During this digital age where companies and customers are always connected, it’s important to promote your brand’s identity in a positive way. This is done through corporate communication, both to your organization’s employees and target audience.
In a crowded and competitive environment, businesses must have a distinct brand identity that allows them to gain both short and long-term benefits.
When a corporation has a stable and consistent brand:
- Customers stay loyal and feel safer
- Investors are confident in their decision to invest in a firm
- Employees continue to have faith in executives' competence and the organization's future
Let’s dive in.
A corporate communication strategy can consist of the following items:
- Written communication - website, press releases, or memos
- Verbal communication - interviews, videos, or press conferences
- Visual communication - photographs, illustrations, or infographics
Building a strong corporate brand identity requires both internal and external communication aligned.

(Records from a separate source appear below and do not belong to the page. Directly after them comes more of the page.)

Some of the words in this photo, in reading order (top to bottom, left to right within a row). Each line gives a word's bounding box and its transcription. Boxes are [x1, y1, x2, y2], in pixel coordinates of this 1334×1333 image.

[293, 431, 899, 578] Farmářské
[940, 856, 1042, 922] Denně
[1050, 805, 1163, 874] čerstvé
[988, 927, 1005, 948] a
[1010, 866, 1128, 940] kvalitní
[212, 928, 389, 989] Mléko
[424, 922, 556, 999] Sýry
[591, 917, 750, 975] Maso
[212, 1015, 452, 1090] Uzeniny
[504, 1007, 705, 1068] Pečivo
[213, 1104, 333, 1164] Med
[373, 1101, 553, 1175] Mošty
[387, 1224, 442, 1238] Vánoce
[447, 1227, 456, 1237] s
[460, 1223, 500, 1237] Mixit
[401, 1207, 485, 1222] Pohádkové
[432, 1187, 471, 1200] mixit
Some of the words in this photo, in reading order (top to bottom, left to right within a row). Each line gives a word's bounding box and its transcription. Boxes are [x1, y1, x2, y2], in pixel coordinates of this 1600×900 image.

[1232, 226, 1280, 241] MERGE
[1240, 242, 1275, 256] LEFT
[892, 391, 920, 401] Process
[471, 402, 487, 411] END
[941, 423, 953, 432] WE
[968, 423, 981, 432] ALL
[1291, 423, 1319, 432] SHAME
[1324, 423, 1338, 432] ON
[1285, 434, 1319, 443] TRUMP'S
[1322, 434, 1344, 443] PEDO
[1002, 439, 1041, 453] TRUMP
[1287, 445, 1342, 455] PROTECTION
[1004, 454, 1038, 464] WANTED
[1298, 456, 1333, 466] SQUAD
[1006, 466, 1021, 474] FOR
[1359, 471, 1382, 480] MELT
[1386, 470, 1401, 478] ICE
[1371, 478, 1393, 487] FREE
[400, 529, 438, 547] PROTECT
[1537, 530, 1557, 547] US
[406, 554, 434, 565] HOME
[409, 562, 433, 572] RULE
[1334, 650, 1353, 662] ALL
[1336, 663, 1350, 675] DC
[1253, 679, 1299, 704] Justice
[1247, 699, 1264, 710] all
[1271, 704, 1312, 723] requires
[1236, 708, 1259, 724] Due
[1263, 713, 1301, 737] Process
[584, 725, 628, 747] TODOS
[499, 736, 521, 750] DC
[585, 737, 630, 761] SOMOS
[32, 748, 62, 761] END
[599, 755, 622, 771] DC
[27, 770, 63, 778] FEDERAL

Internal corporate communications
Internal communications focuses on messaging and information sharing within the organization. It includes knowledge transfers from executive management to regular employees as well as cross-departmental messages. Some examples of internal communications include:
- Internal newsletters promoting company news and updates
- Team meetings designed to inform employees about the company
- A learning management system to create, host, and distribute learning materials
External corporate communications
External communications focus on the company’s brand, identity, and messaging to members outside the organization. With the addition of social media platforms, communicating with external members and potential customers is much easier. Some examples of external communication are:
- Press releases to inform the public on company news and updates
- Press conferences which allow external members to ask questions about the organization
- Advertising and marketing materials to spread brand awareness and increase reach
Benefits of corporate communication
An organization that focuses on improving their corporate communication can expect a variety of benefits such as: less employee turnover, consistent brand messaging, higher quality customer reviews, and closing the gap of internal and external members.
Here’s some other reasons to focus on corporate communications:
Shows transparency to employees
Using corporate communication companies can create messaging to show transparency. That way new hires will know before they step foot in the door, that they are working for a company who is honest.

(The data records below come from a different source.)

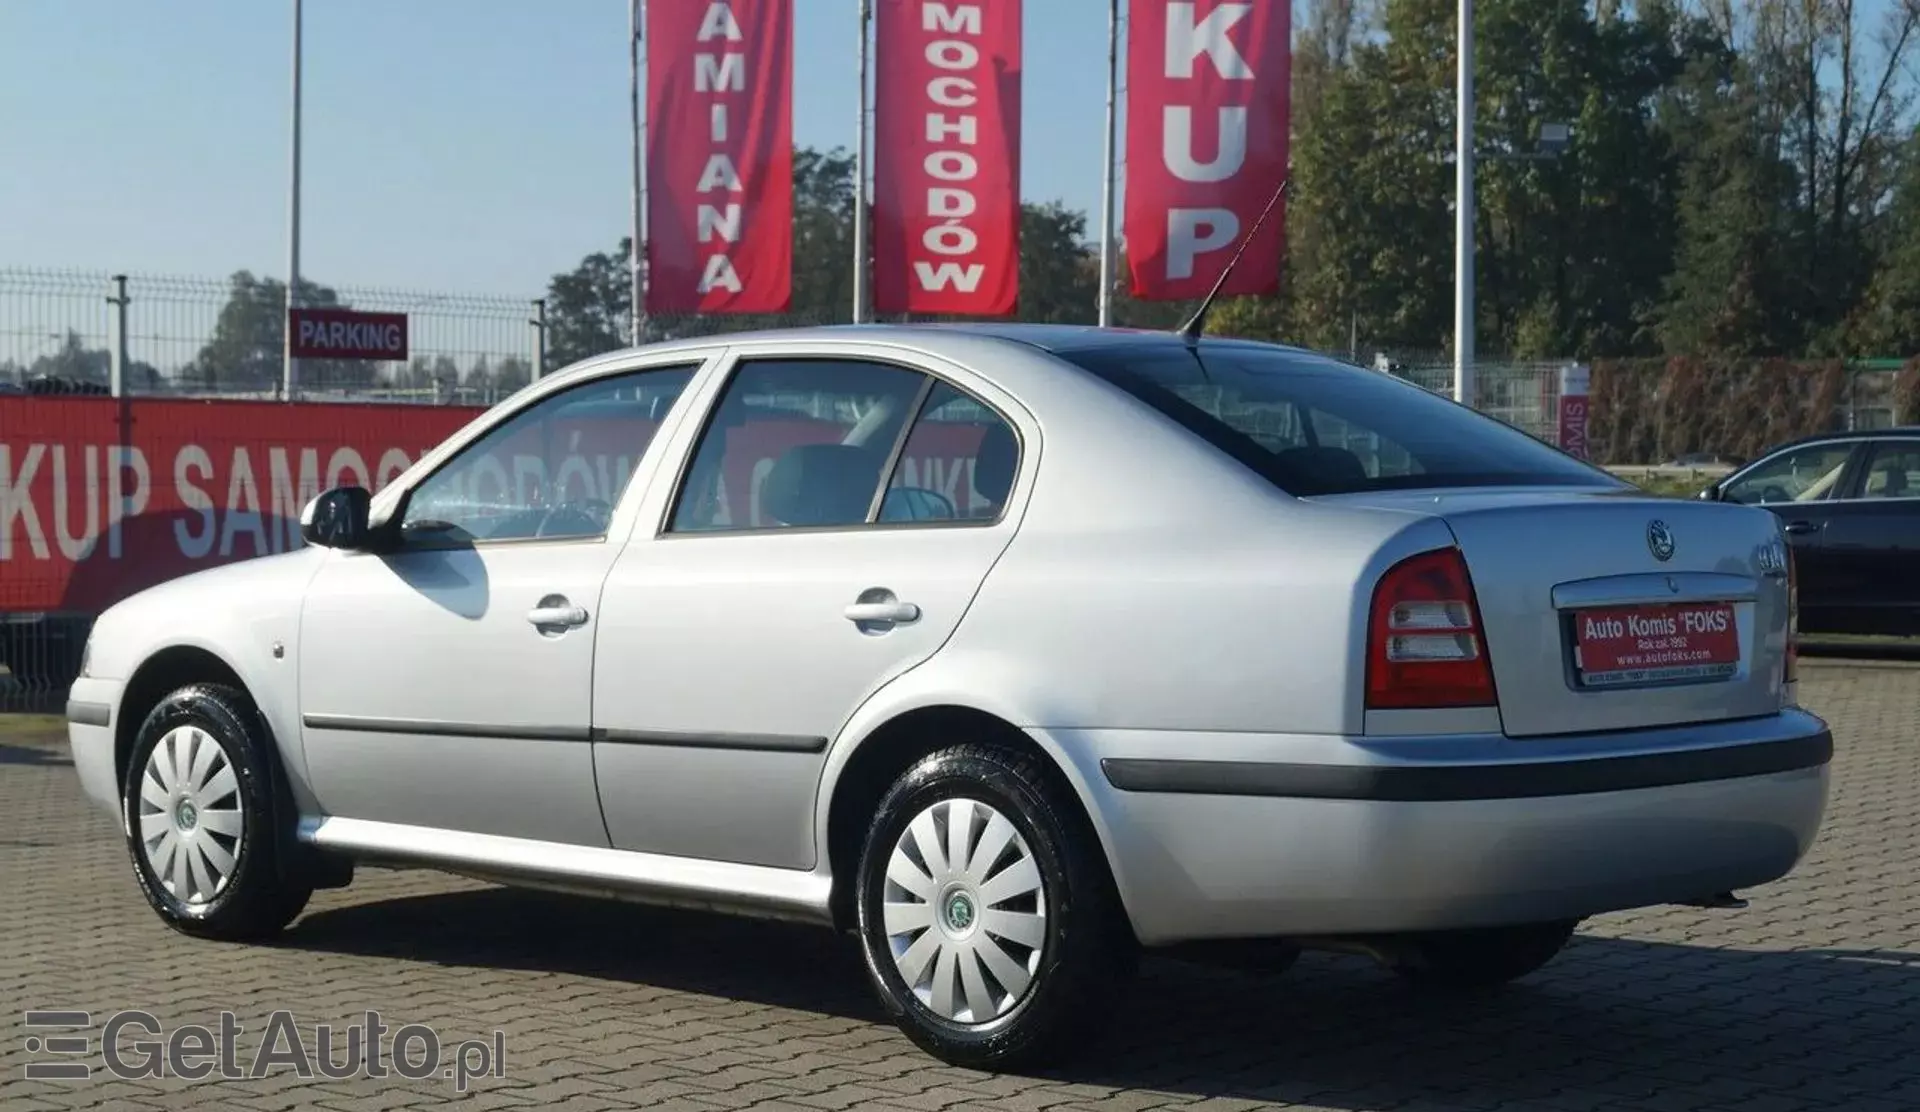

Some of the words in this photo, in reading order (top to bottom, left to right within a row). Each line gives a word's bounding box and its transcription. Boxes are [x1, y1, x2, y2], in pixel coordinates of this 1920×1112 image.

[695, 1, 745, 294] AMIANA
[916, 2, 986, 293] MOCHODÓW
[1163, 1, 1256, 280] KUP
[299, 320, 400, 351] PARKING
[0, 443, 151, 563] KUP
[1585, 617, 1623, 639] Auto
[1628, 614, 1677, 637] Komis
[1678, 610, 1731, 633] "FOKS"
[1617, 650, 1712, 665] www.autofoks.com
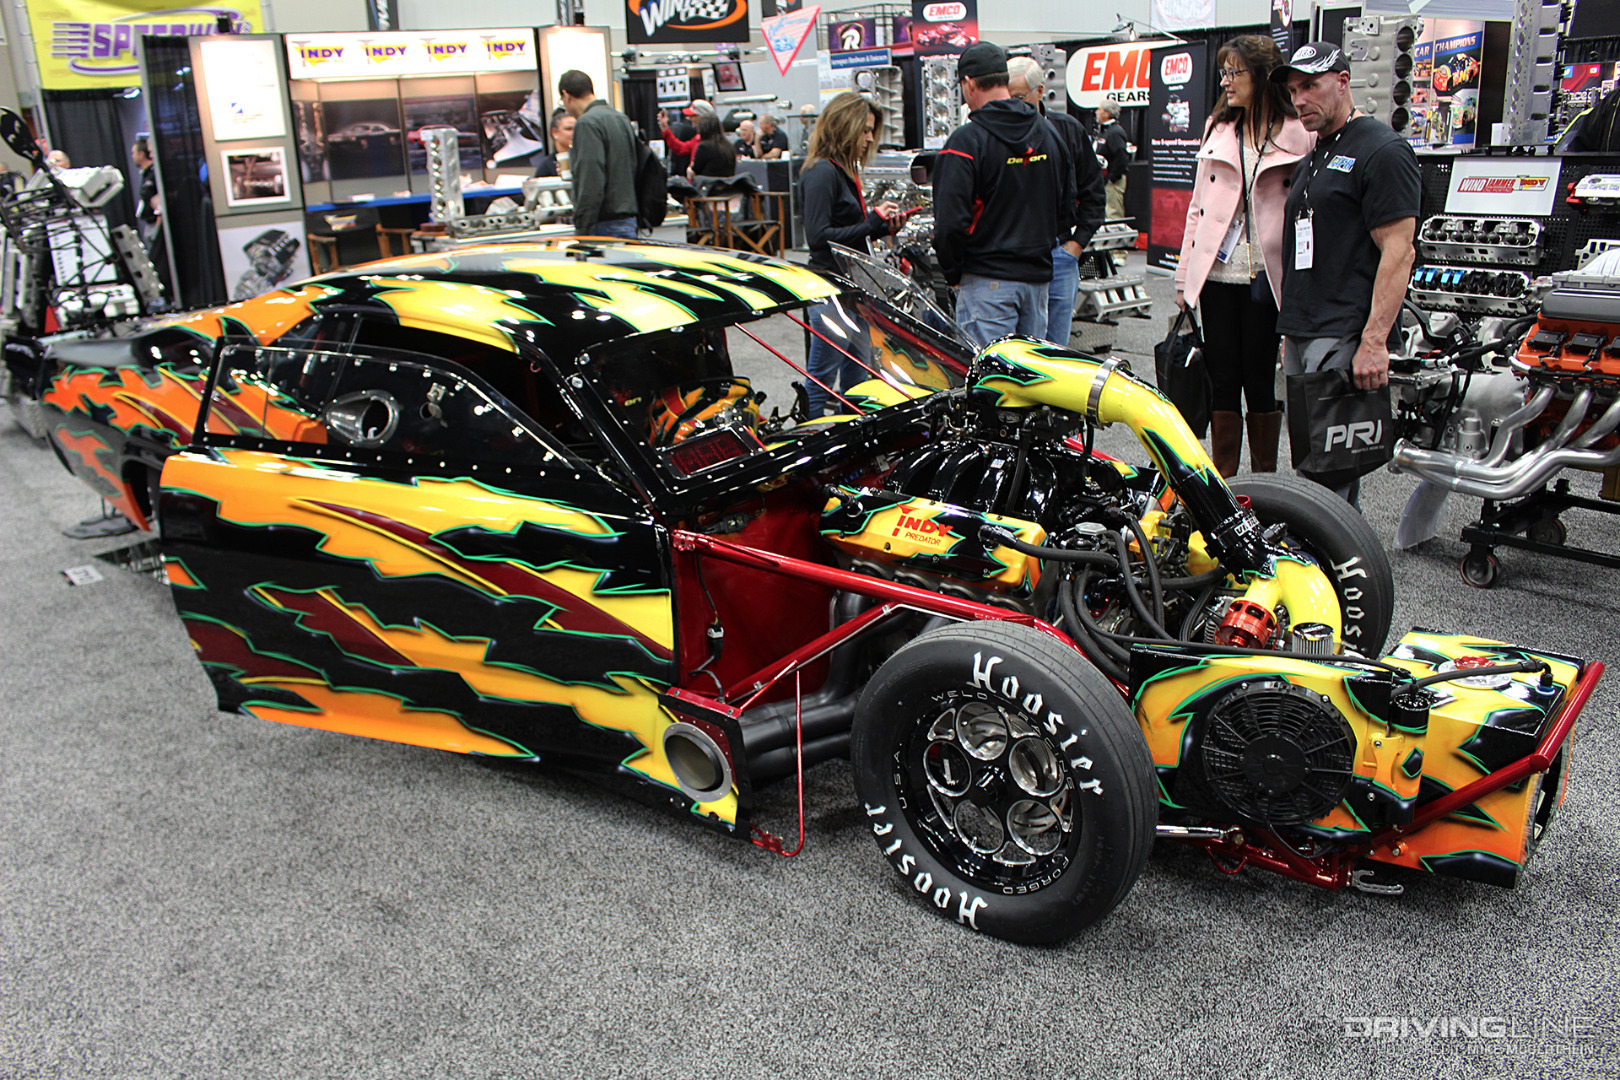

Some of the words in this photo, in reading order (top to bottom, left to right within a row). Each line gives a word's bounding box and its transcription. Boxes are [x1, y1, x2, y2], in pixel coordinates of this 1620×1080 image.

[928, 5, 960, 17] EMCO
[426, 43, 468, 55] INDY
[486, 41, 527, 53] INDY
[1435, 35, 1477, 53] CHAMPIONS
[300, 47, 344, 59] INDY
[365, 46, 407, 57] INDY
[1414, 46, 1430, 58] CAR
[1081, 48, 1151, 92] EMC
[1165, 56, 1189, 76] EMCO
[1106, 91, 1150, 102] GEAR
[1460, 178, 1487, 191] WIND
[1324, 419, 1383, 452] PRI
[892, 504, 954, 538] INDY
[904, 532, 941, 546] PREDATOR
[1330, 556, 1368, 651] Hoosi
[931, 690, 988, 701] WELD
[966, 651, 1105, 796] Hoosier
[864, 802, 989, 931] Hoosier
[1002, 856, 1070, 894] FORGED

This should also carry through managers’ communications with their employees. Employees will feel the company and their managers are being clear on expectations. On the flip side, employees will feel free to speak up with suggestions.
Builds strong relationships of team members
When employees and managers are on the same page, it builds a stronger relationship between team members. This in turn boosts productivity, reduces employee turnover, and creates a positive work environment for the entire team.

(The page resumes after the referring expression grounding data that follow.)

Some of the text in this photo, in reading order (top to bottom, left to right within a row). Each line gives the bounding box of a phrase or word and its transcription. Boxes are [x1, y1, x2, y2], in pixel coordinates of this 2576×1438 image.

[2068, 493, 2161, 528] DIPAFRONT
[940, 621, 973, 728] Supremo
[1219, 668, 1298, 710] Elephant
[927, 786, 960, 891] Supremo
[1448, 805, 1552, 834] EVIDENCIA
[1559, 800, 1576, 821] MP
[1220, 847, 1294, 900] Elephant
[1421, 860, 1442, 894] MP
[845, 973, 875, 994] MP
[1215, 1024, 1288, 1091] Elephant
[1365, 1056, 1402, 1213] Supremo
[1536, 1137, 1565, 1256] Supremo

Keep messaging consistent to customers
Another benefit of corporate communication is keeping messaging consistent to not only your employees but your external audiences. If you forget to communicate with your customers in the same fashion as your employees, your company brand and mission gets lost. Customers don’t know what you stand for or why they should choose you over one of your competitors.
A communications team's top priority is to develop and maintain a company's brand and identity. When it comes to creating connections with the media, the general public, and other organizations, perception and reputation are extremely important.
1. Media and Public Relations
This is the process by which a company or organization communicates with the general public, including the media, by organizing news conferences, product launches, and interviews, as well as creating materials (banners, flyers, and other marketing materials) for such occasions.
- Obtaining media publicity through writing and distributing press releases.
- Keeping an eye on the news for mentions of the company, its product, and important individuals like stakeholders and management.
- Creating a strategy to deal with negative news coverage or disinformation
2. Customer Communications and Marketing
Marketing efforts frequently affect a corporation’s communication strategy, and vice versa, resulting in increasing cooperation and collaboration between the two areas.
As a result, it's not commonplace for communication specialists to assist in the creation of various marketing materials and general customer communications, such as:
- Email marketing
- Copy for a website
- Social media marketing approach
3. Crisis Communication
A company's (or an individual's) specific communications in the face of a crisis or unplanned incident that has the potential to harm company reputation or existence is referred to as crisis communication.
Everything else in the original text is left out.